— Voilà, qui est bien grave, mon neveu, dit mon oncle, pendant que nous volions vers Reigate. S'ils allaient ce train, c'est qu'évidemment, ils tenaient à faire leur coup de bonne heure.

— Jim et Belcher seraient certainement de force à leur tenir tête à tous les quatre, suggérai-je.

— Si Belcher était avec lui, je ne craindrais rien; mais on ne saurait prévoir quelle diablerie ils ont arrangée. Que nous le trouvions seulement sain et sauf, et je ne perdrai pas un moment jusqu'à ce que je le voie sur le ring. Nous veillerons pour monter la garde avec nos pistolets, mon neveu, et j'espère, seulement que ces bandits seront assez hardis pour tenter leur coup. Mais il faut qu'ils aient été à l'avance bien certains de réussir, pour que la cote ait monté à un pareil chiffre, et c'est là ce qui m'inquiète.

— Mais assurément, ils nont rien à gagner à commettre une pareille infamie, Monsieur. S'ils arrivent à blesser Jim, la lutte ne pourrait avoir lieu et les paris ne seraient pas décidés.

— Il en serait ainsi dans une lutte ordinaire pour gagner un prix, et c'est heureux qu'il en soit ainsi, autrement les coquins qui infestent le ring, ne tarderaient pas à rendre tout sport impossible, mais ici il en est autrement. D'après les conditions du pari, je dois perdre, à moins que je ne présente un homme dans une certaine limite d'âge, qui soit vainqueur de Wilson le Crabe. Vous devez vous souvenir que je n'ai point nommé mon homme; C'est dommage, mais c'est ainsi. Nous savons qui il est, nos adversaires le savent aussi, mais les arbitres et le dépositaire des enjeux refuseraient d'en tenir compte. Si nous nous plaignions que Jim Harrison est hors de combat, ils nous répondraient qu'ils n'ont pas été dûment informés que Jim Harrison était notre champion. Les conditions sont, jouer ou payer, et les gredins en profitent.

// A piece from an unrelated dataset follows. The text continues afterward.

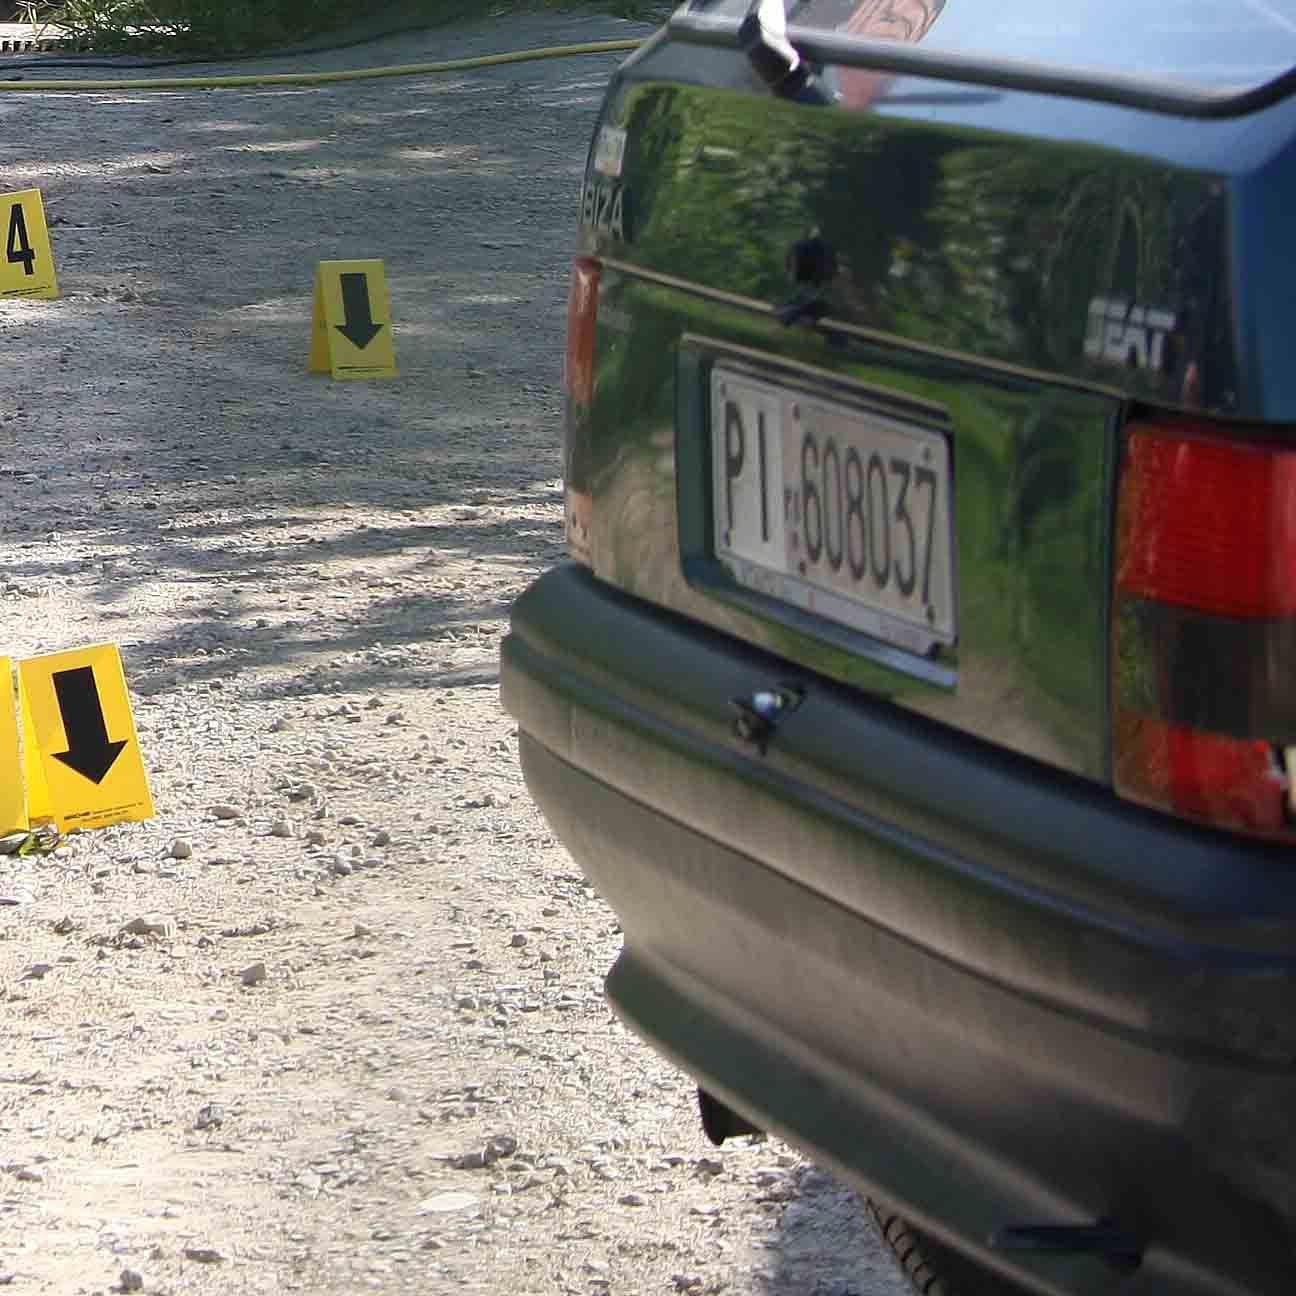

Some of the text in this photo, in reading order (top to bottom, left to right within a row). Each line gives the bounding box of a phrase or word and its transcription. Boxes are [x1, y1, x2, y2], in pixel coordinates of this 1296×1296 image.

[6, 203, 35, 275] 4
[1083, 298, 1176, 370] SEAT
[803, 431, 937, 605] 608037

Les craintes qu'avait exprimées mon oncle au sujet de l'encombrement de la route ne furent que trop justifiées, car lorsque nous eûmes dépassé Reigate, nous vîmes un tel défilé de voitures de toute espèce que, pendant les huit milles qui restaient à parcourir, il n'y avait pas, je crois, un seul cheval dont les naseaux ne fussent à plus de quelques pieds de l'arrière de la voiture ou carriole qui le précédait.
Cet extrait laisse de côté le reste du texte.